Arraigada la comunión, buscan a la persona de fe, organizando Encuentros de Teología, Oración, Interioridad y Formación. A ellos están invitados todos. Desde los niños del pueblo, que reciben allí la catequesis, hasta los miembros de otras confesiones, siendo la labor ecuménica consustancial a estas mujeres. Y, tras el creyente, el desarrollo de su particular carisma: acoger “al que no busca a Dios, al alejado, al que anda perdido”. La respuesta a esa intuición les llevó hace cinco años hasta el Camino de Santiago. Carolina Blázquez, una de las hermanas fundadoras, recalca que eligieron el Camino por ser éste un espacio ideal para acudir al encuentro de “personas que jamás vendrían a nuestra casa. El Camino supone un lugar privilegiado, un río de agua que pasa a nuestro lado con miles de hombres y mujeres que buscan”.

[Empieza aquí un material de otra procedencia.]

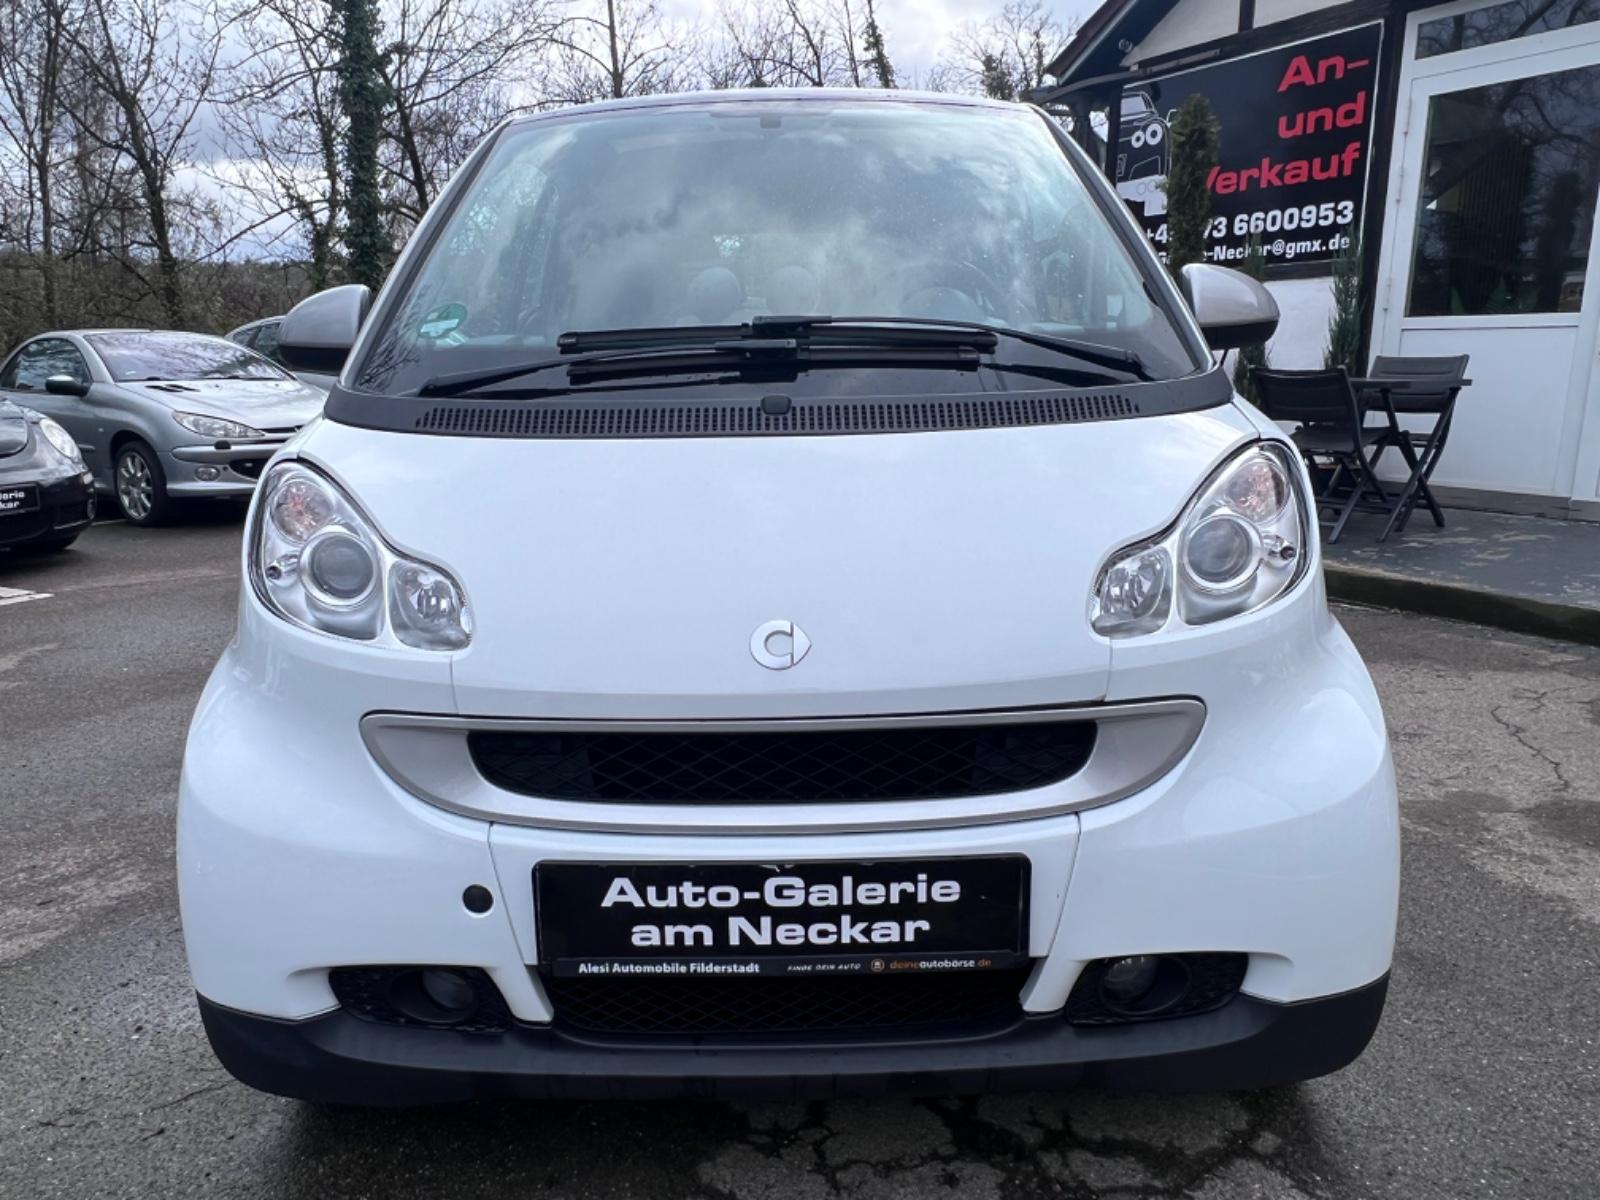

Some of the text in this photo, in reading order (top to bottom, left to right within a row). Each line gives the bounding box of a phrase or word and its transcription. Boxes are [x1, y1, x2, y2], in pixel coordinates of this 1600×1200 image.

[1277, 55, 1369, 92] An-
[1278, 91, 1366, 139] und
[1233, 200, 1354, 236] 6600953
[600, 873, 961, 909] Auto-Galerie
[631, 915, 931, 947] am Neckar
[578, 962, 760, 974] Alesi Automobile Filderstadt
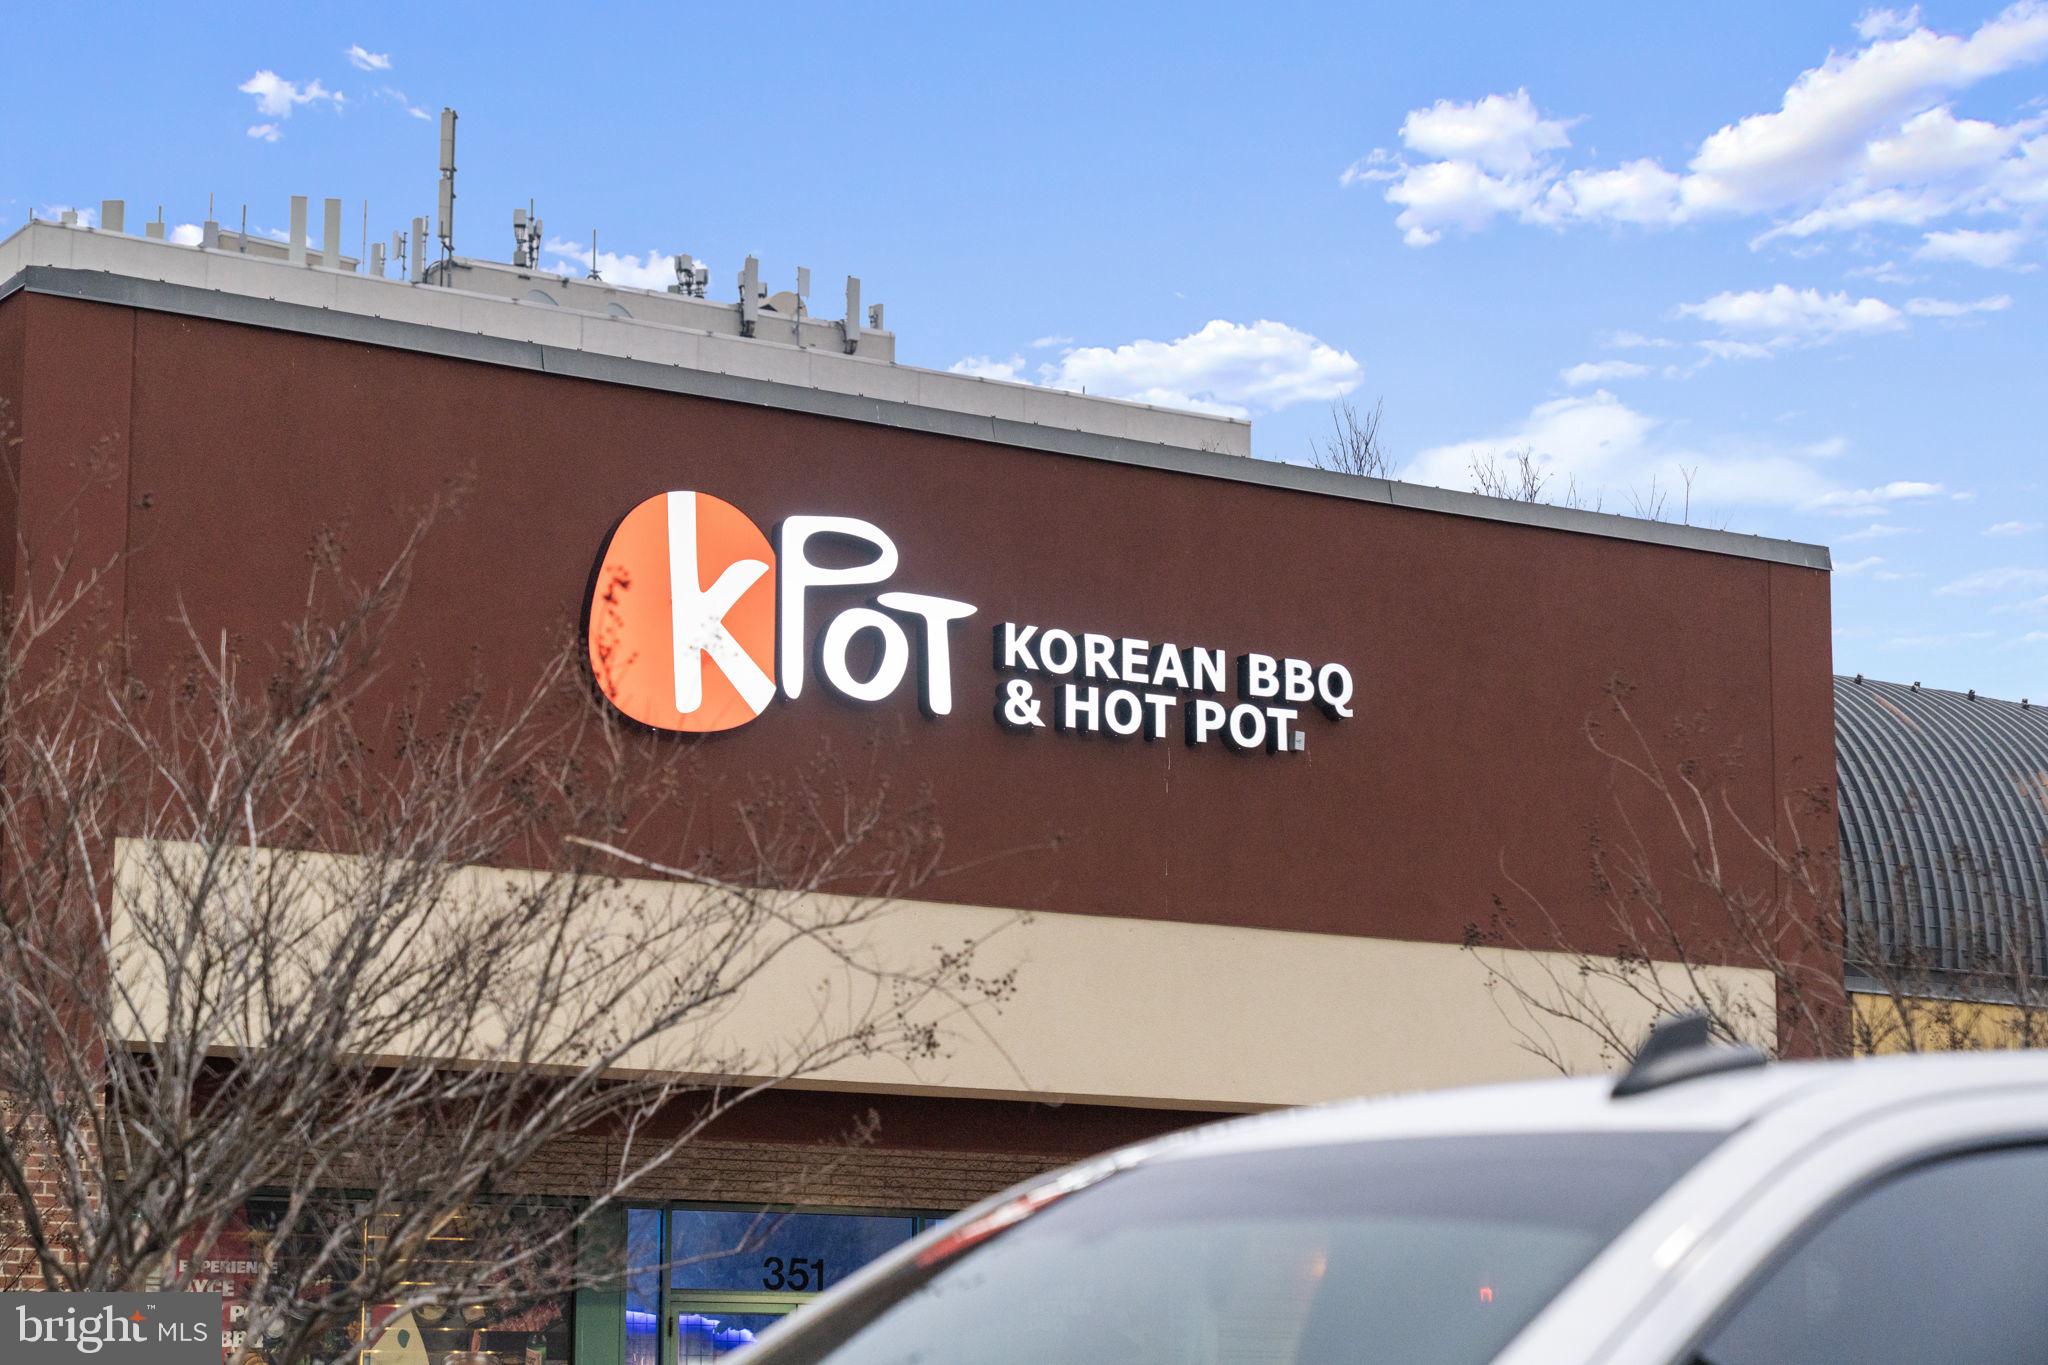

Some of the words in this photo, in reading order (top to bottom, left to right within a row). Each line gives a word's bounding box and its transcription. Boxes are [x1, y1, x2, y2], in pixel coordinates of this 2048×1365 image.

[1004, 622, 1226, 692] KOREAN
[1249, 653, 1354, 718] BBQ
[1004, 679, 1046, 727] &
[1065, 684, 1177, 738] HOT
[178, 1260, 279, 1274] EPERIENE
[762, 1256, 825, 1291] 351
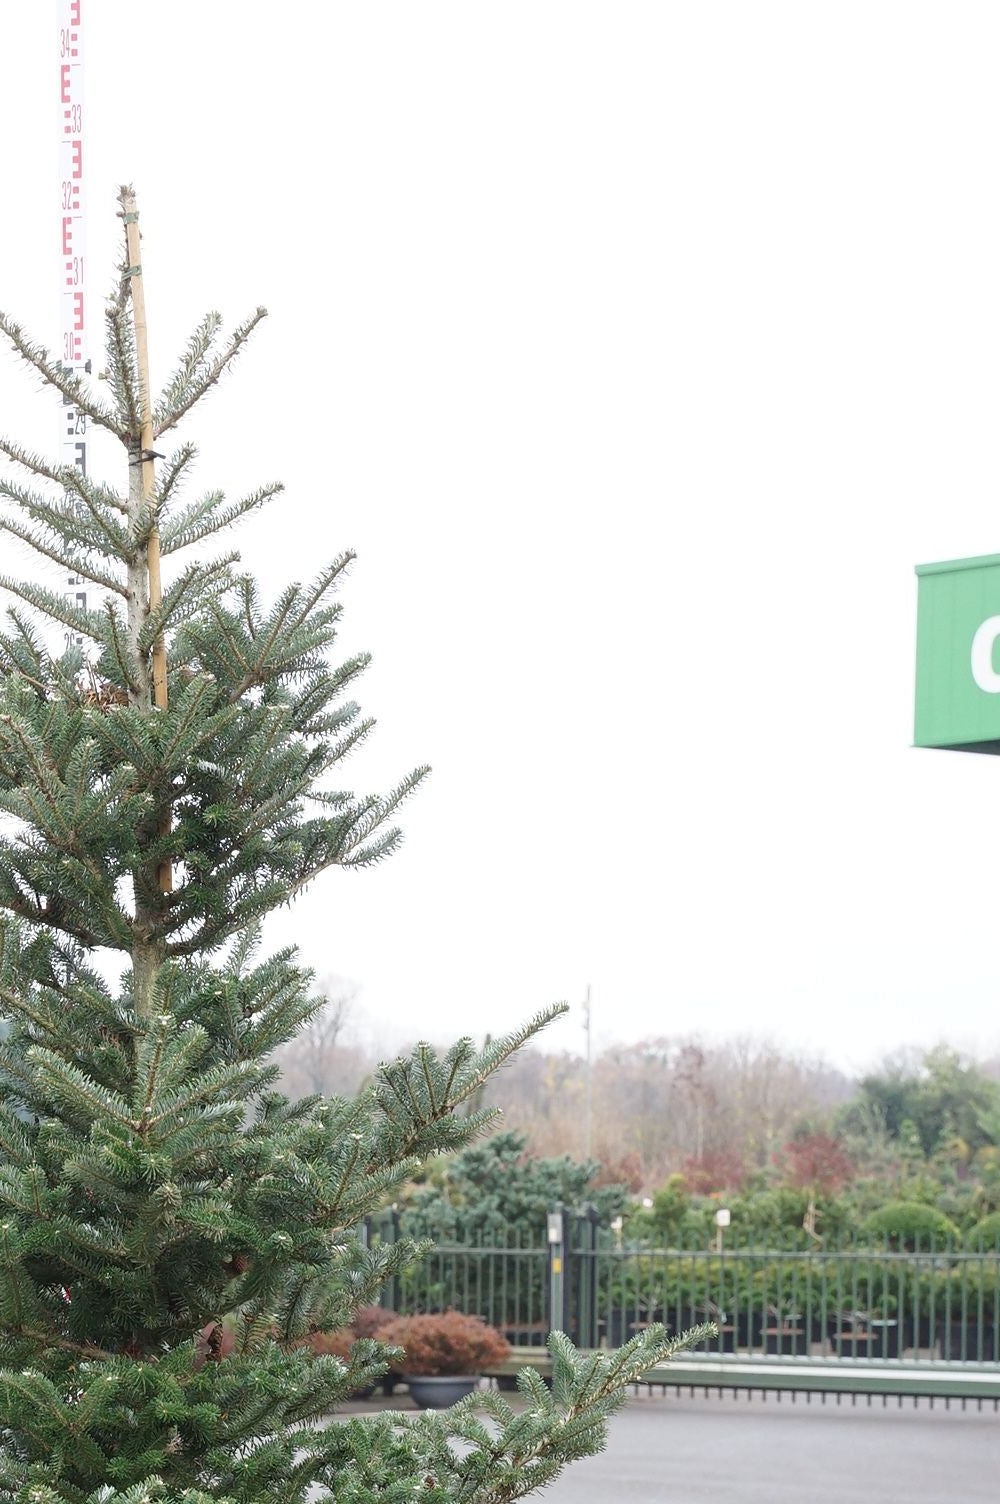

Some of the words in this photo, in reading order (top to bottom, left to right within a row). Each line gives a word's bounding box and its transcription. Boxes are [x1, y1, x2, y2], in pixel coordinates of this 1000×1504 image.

Su labor en la peregrinación jacobea se inició en un albergue en Bercianos del Real Camino (León), acudiendo cada verano. Según Carolina, “allí aprendimos a acoger a los peregrinos. Era una tarea apasionante, en la que el pueblo compartía con nosotros el trabajo y la ilusión por la acogida”.

Un coro siempre especial

Cada tarde organizaban un encuentro musical en el que se reunían vecinos y peregrinos. Entre todos formaban un coro siempre especial. Ante el éxito de la fórmula, en 2007 buscaron un albergue donde trabajar en la acogida de forma estable y continuada, asentándose en Carrión de los Condes (Palencia). Allí, mientras ellas se reparten en turnos, también cuentan con el apoyo insustituible de voluntarios laicos. Muchos de ellos estuvieron como peregrinos y hoy vuelven como manos abiertas para ayudar. Como explica Carolina, los hay incluso pertenecientes a otras confesiones cristianas: “Aurora es ortodoxa francesa. Cada vez que viene, el patriarca de su Iglesia le da un icono bendecido para nosotras como signo de unidad”.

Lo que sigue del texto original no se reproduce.